# Task
Each line from the one containing "this 1887×1677 image." through the last line of the data below is to be written out verbatim, and nothing more.

##### Given records

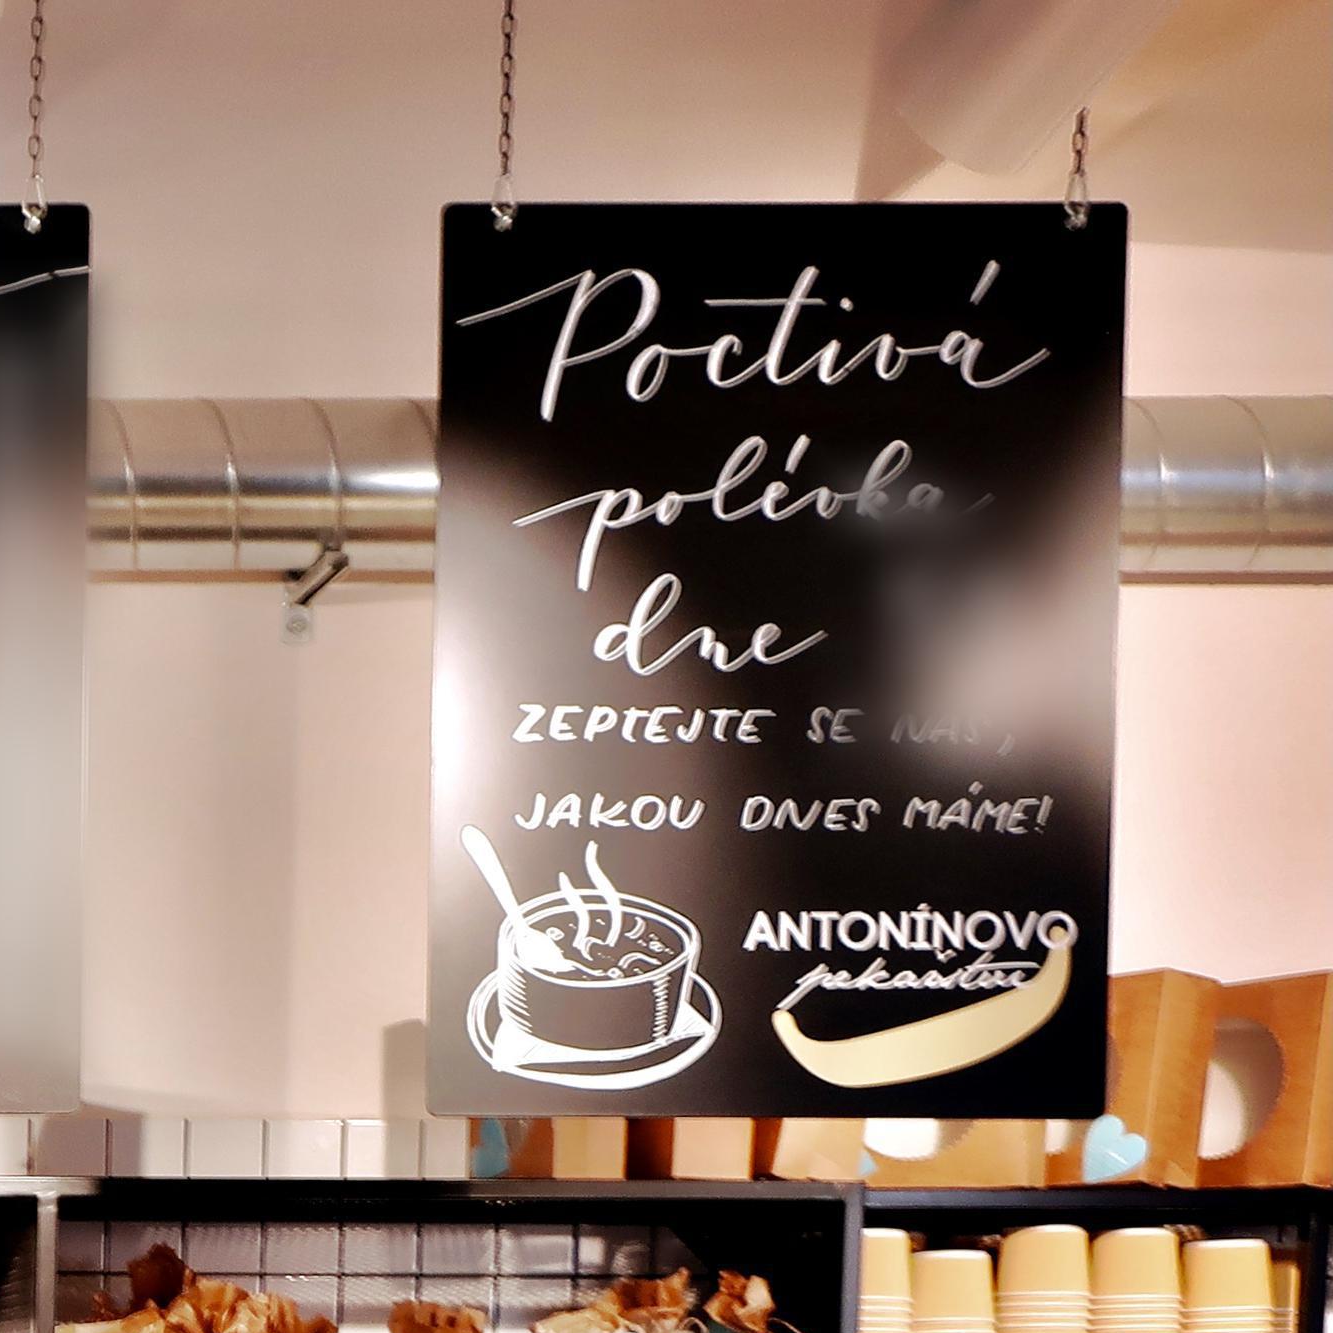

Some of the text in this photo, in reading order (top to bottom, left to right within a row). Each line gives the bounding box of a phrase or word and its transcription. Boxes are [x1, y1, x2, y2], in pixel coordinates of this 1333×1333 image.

[456, 259, 1050, 423] Poctivá
[512, 434, 995, 592] polévka
[594, 572, 828, 677] dne
[511, 703, 776, 744] ZEPTEJTE
[805, 706, 865, 743] SE
[514, 781, 1054, 836] JAKOU DNES MÁME!
[742, 902, 1079, 951] ANTONÍNOVO
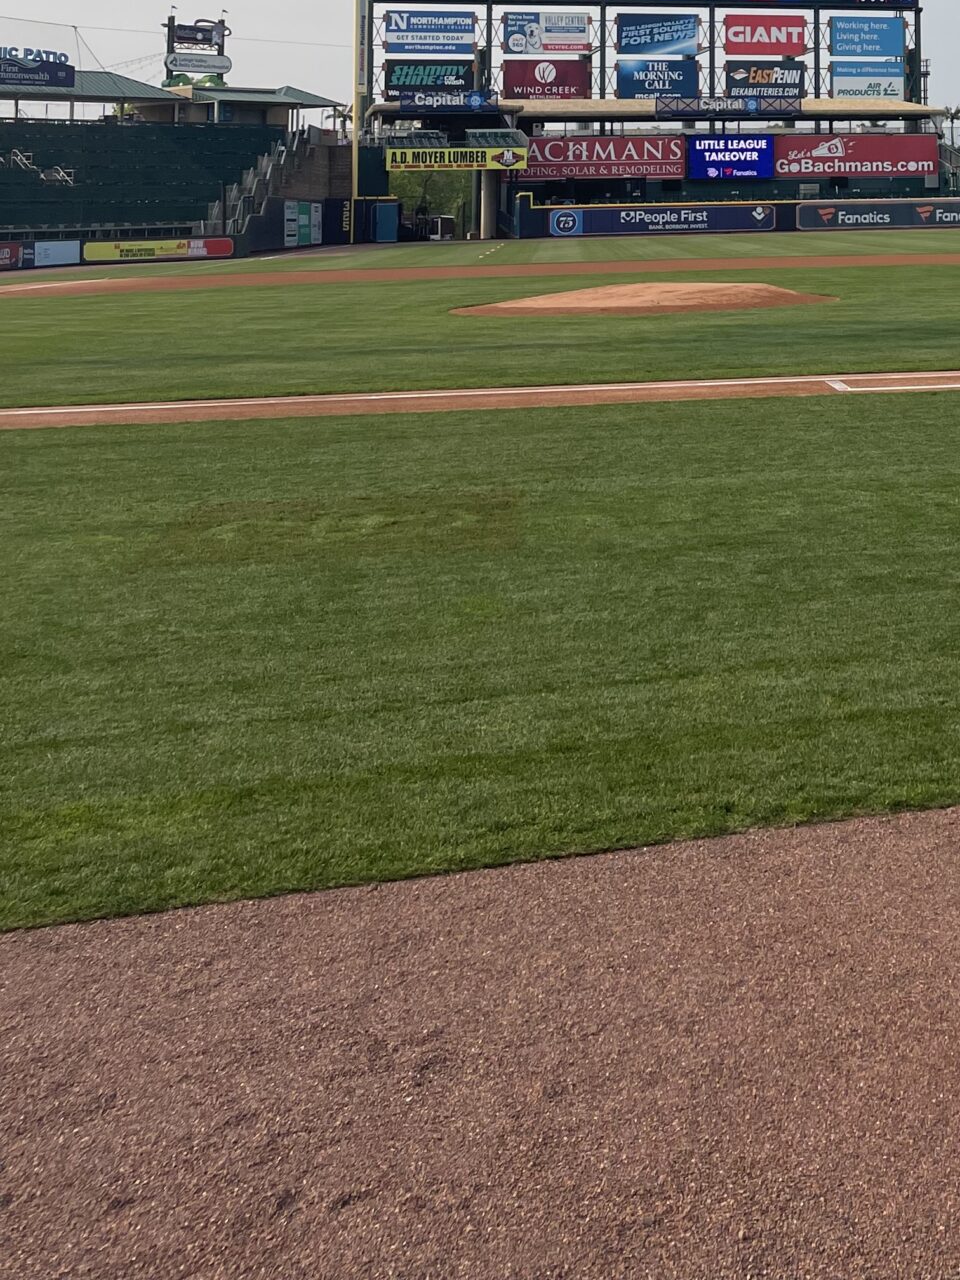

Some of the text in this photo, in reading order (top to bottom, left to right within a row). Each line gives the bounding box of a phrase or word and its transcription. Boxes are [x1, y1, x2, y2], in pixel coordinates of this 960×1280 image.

[410, 17, 472, 25] NORTHAMPTON
[836, 22, 869, 31] Working
[621, 23, 695, 38] FIRST SOURCE
[727, 26, 803, 43] GIANT
[621, 29, 696, 47] FOR NEWS
[836, 33, 860, 41] Living
[836, 43, 882, 52] Giving here.
[0, 46, 69, 64] IC PATIO
[393, 65, 468, 76] SHAMMY
[646, 62, 669, 71] THE
[389, 75, 438, 85] SHINE
[633, 71, 684, 81] MORNING
[513, 86, 577, 94] WIND CREEK
[645, 80, 672, 89] CALL
[730, 87, 800, 96] DEKABATTERIES.COM
[414, 93, 464, 108] Capital
[700, 99, 742, 111] Capital
[696, 139, 767, 149] LITTLE LEAGUE
[529, 139, 682, 161] ACHMAN'S
[787, 149, 811, 159] Let's
[391, 150, 487, 164] A.D. MOYER LUMBER
[704, 151, 759, 161] TAKEOVER
[562, 166, 596, 175] SOLAR
[600, 165, 608, 174] &
[611, 164, 682, 174] REMODELING
[775, 159, 934, 173] GoBachmans.com
[559, 216, 574, 228] 75
[636, 210, 708, 225] People First
[838, 211, 891, 224] Fanatics
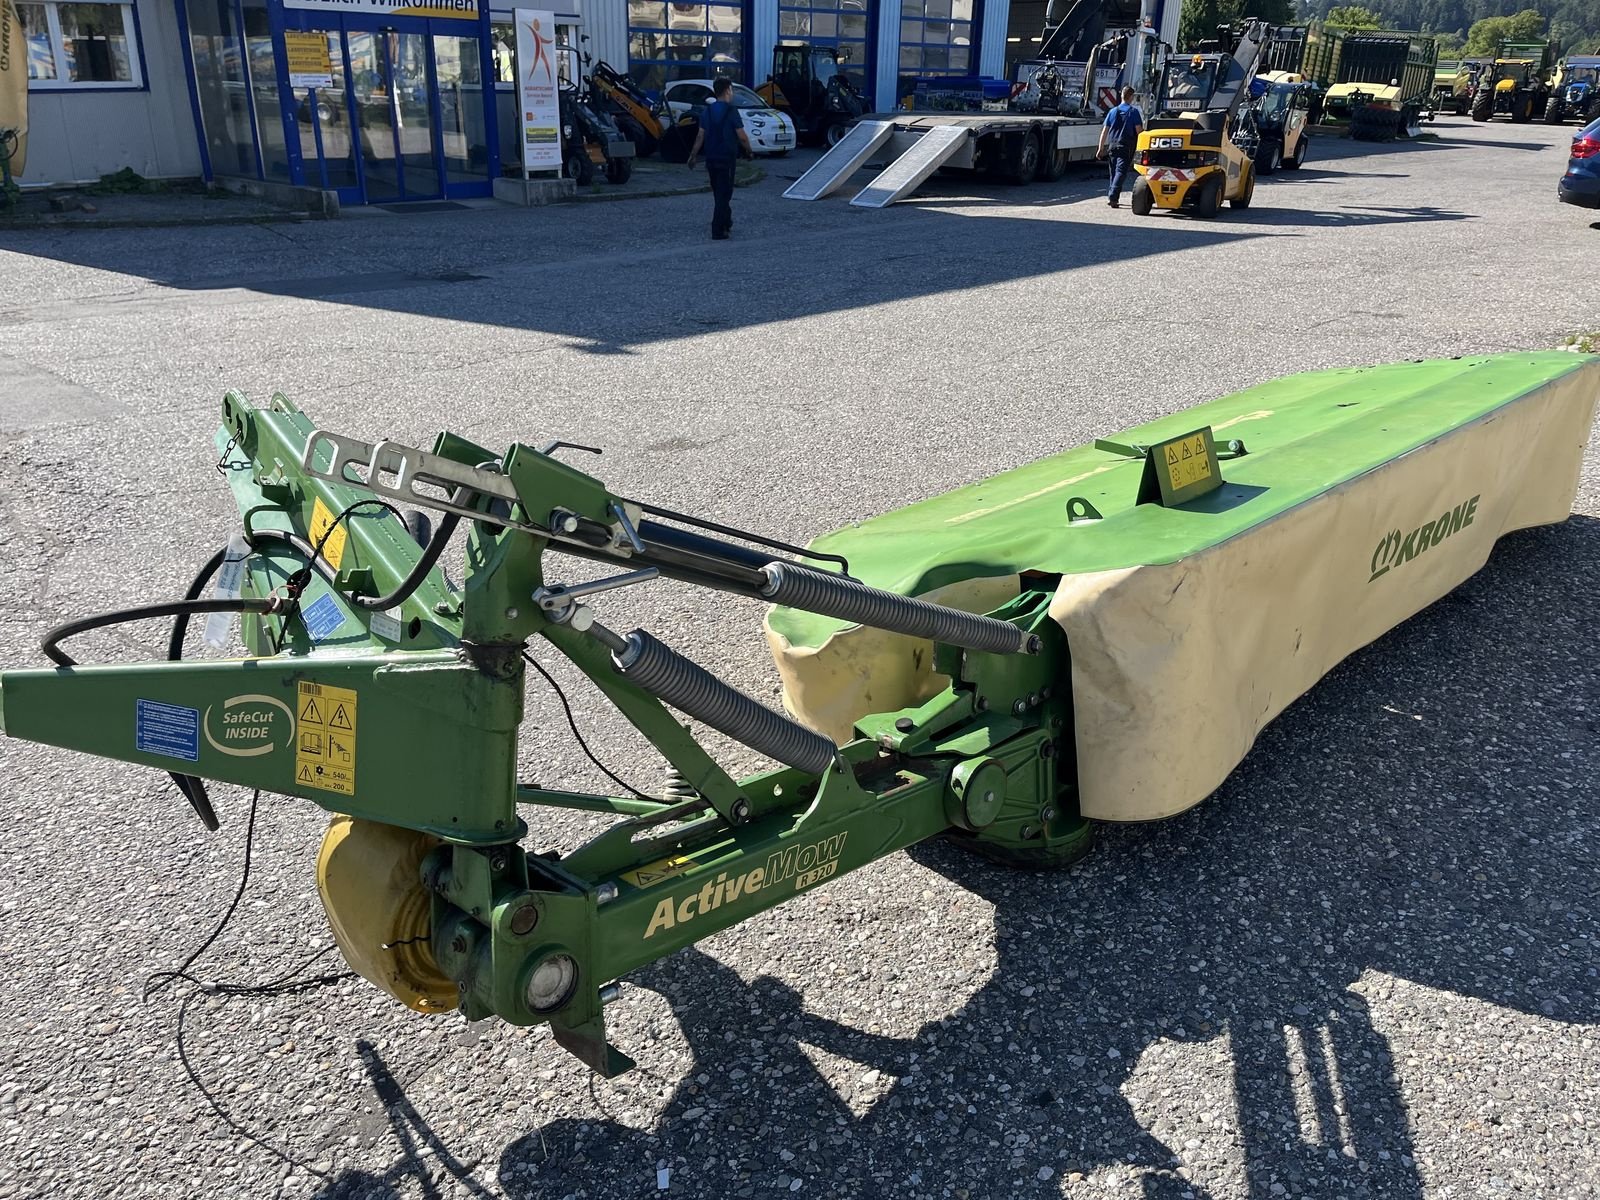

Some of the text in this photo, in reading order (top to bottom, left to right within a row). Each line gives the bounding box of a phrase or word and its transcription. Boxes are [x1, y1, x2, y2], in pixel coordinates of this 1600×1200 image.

[1150, 137, 1183, 148] JCB
[1393, 494, 1480, 568] KRONE
[222, 711, 274, 724] SafeCut
[225, 727, 269, 739] INSIDE
[332, 782, 345, 791] 200
[800, 864, 833, 887] R 320
[643, 831, 848, 940] ActiveMow
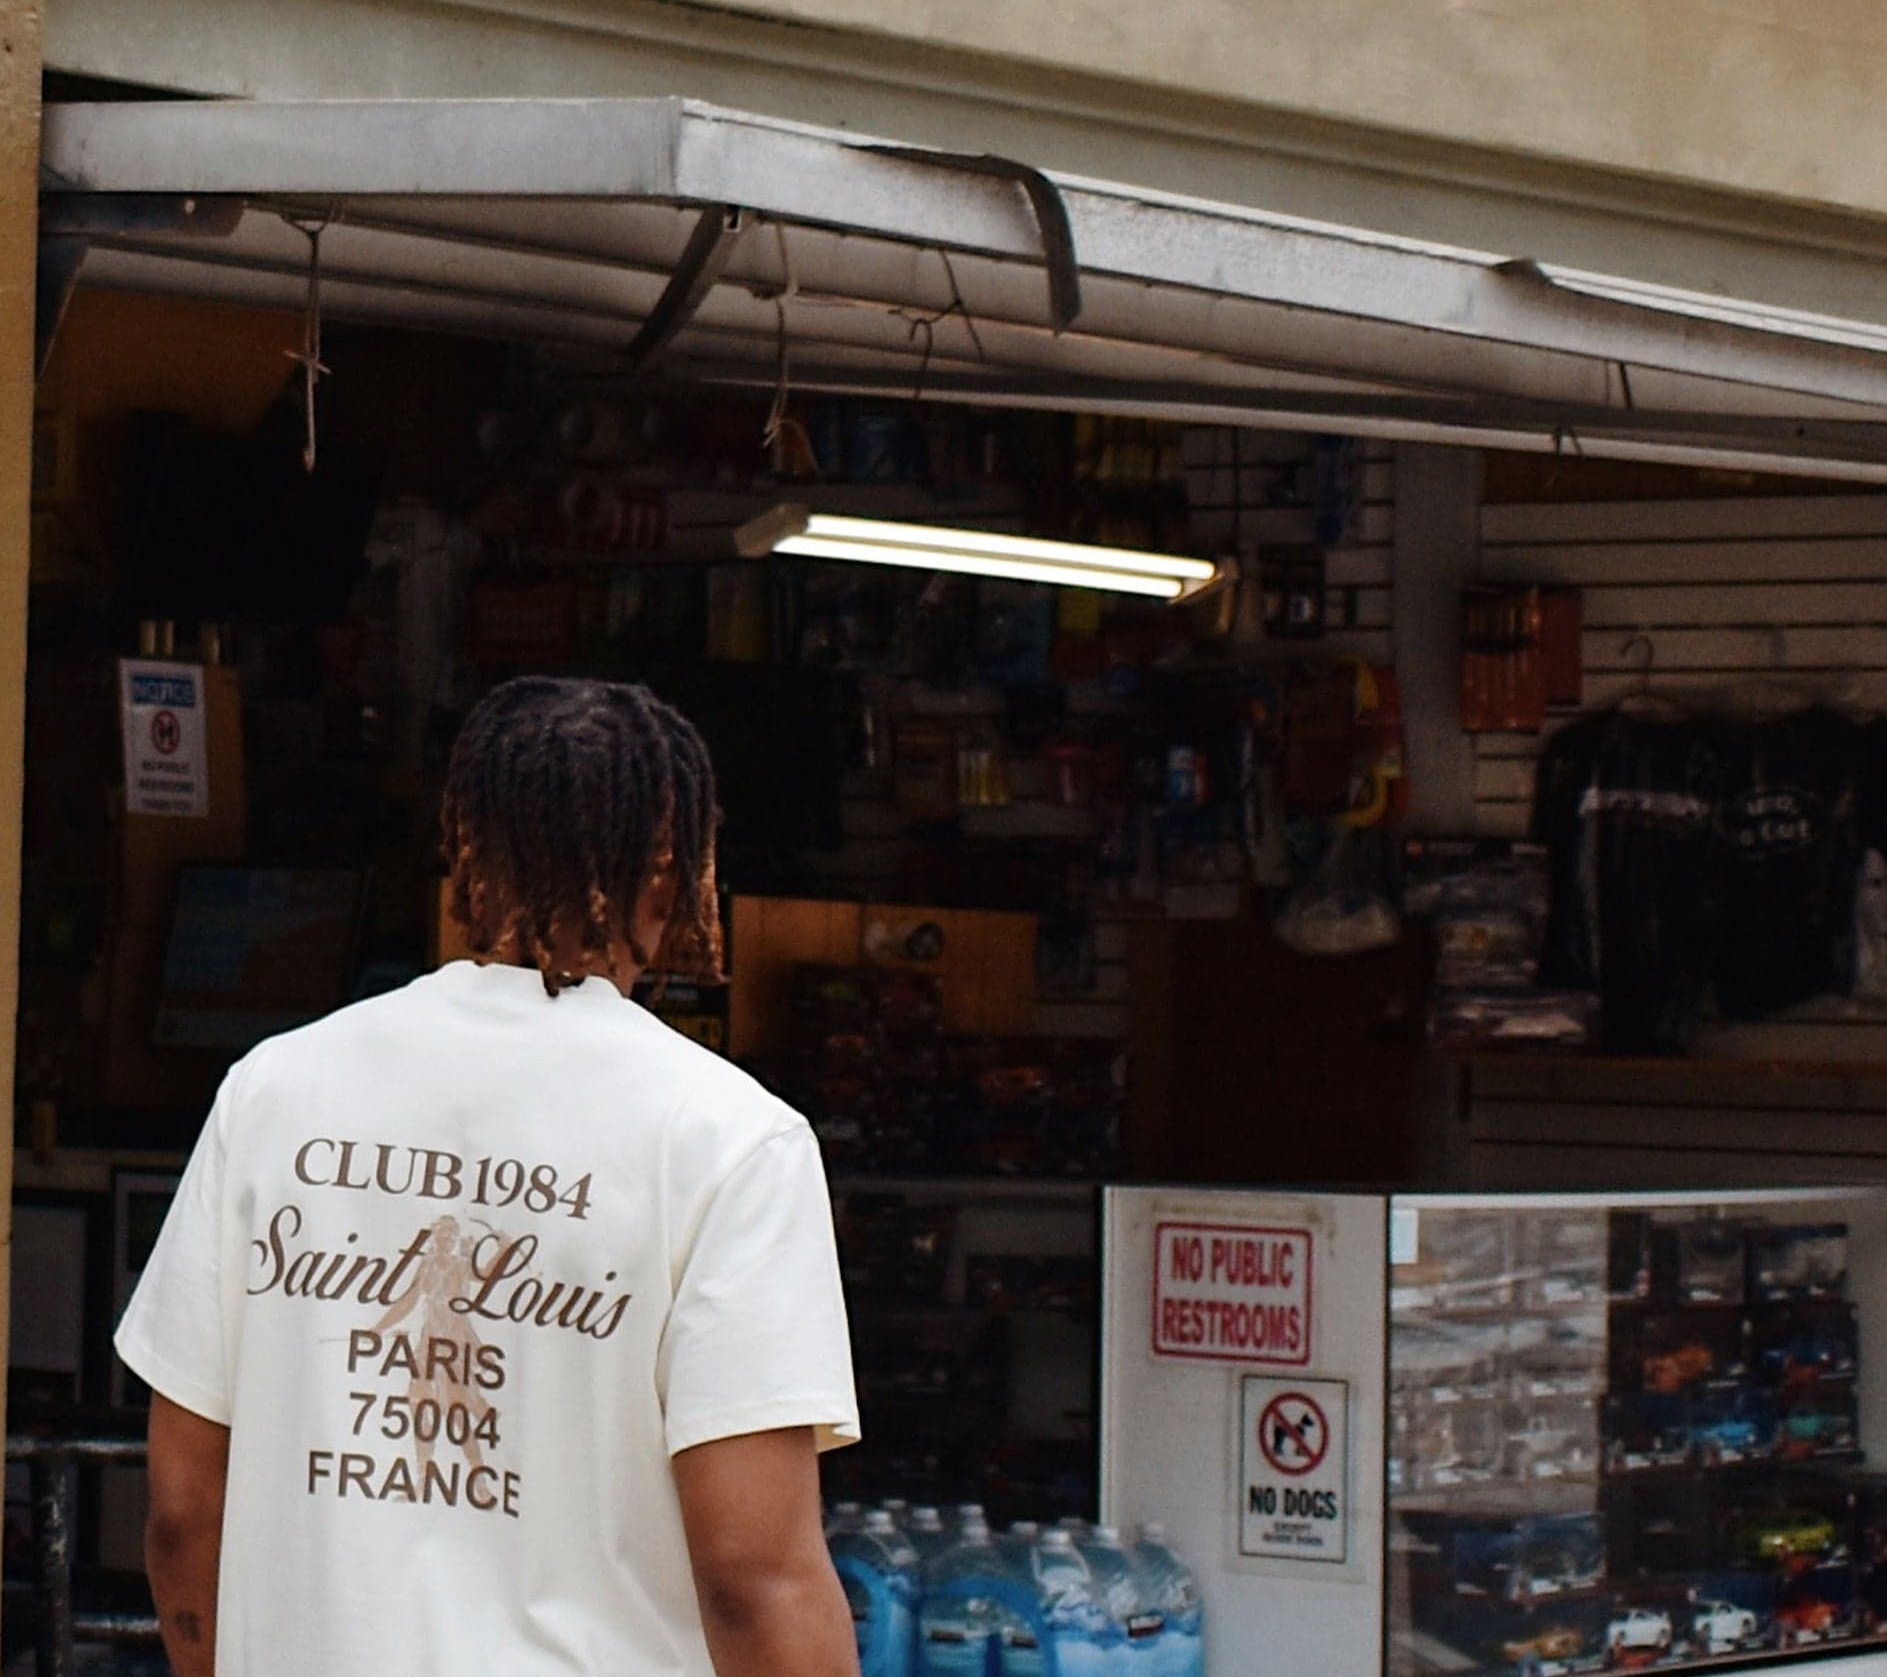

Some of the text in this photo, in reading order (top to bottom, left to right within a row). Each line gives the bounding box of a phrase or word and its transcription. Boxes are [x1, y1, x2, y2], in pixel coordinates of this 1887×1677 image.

[294, 1137, 594, 1220] CLUB 1984
[246, 1204, 633, 1340] Saint Louis
[1170, 1236, 1294, 1288] NO PUBLIC
[1162, 1298, 1300, 1353] RESTROOMS
[346, 1329, 507, 1390] PARIS
[348, 1391, 502, 1449] 75004
[306, 1450, 521, 1518] FRANCE
[1249, 1485, 1338, 1520] NO DOGS

##########

# Final answer
Some of the text in this photo, in reading order (top to bottom, left to right within a row). Each line gives the bounding box of a phrase or word and its transcription. Boxes are [x1, y1, x2, y2], in pixel coordinates of this 1887×1677 image.

[294, 1137, 594, 1220] CLUB 1984
[246, 1204, 633, 1340] Saint Louis
[1170, 1236, 1294, 1288] NO PUBLIC
[1162, 1298, 1300, 1353] RESTROOMS
[346, 1329, 507, 1390] PARIS
[348, 1391, 502, 1449] 75004
[306, 1450, 521, 1518] FRANCE
[1249, 1485, 1338, 1520] NO DOGS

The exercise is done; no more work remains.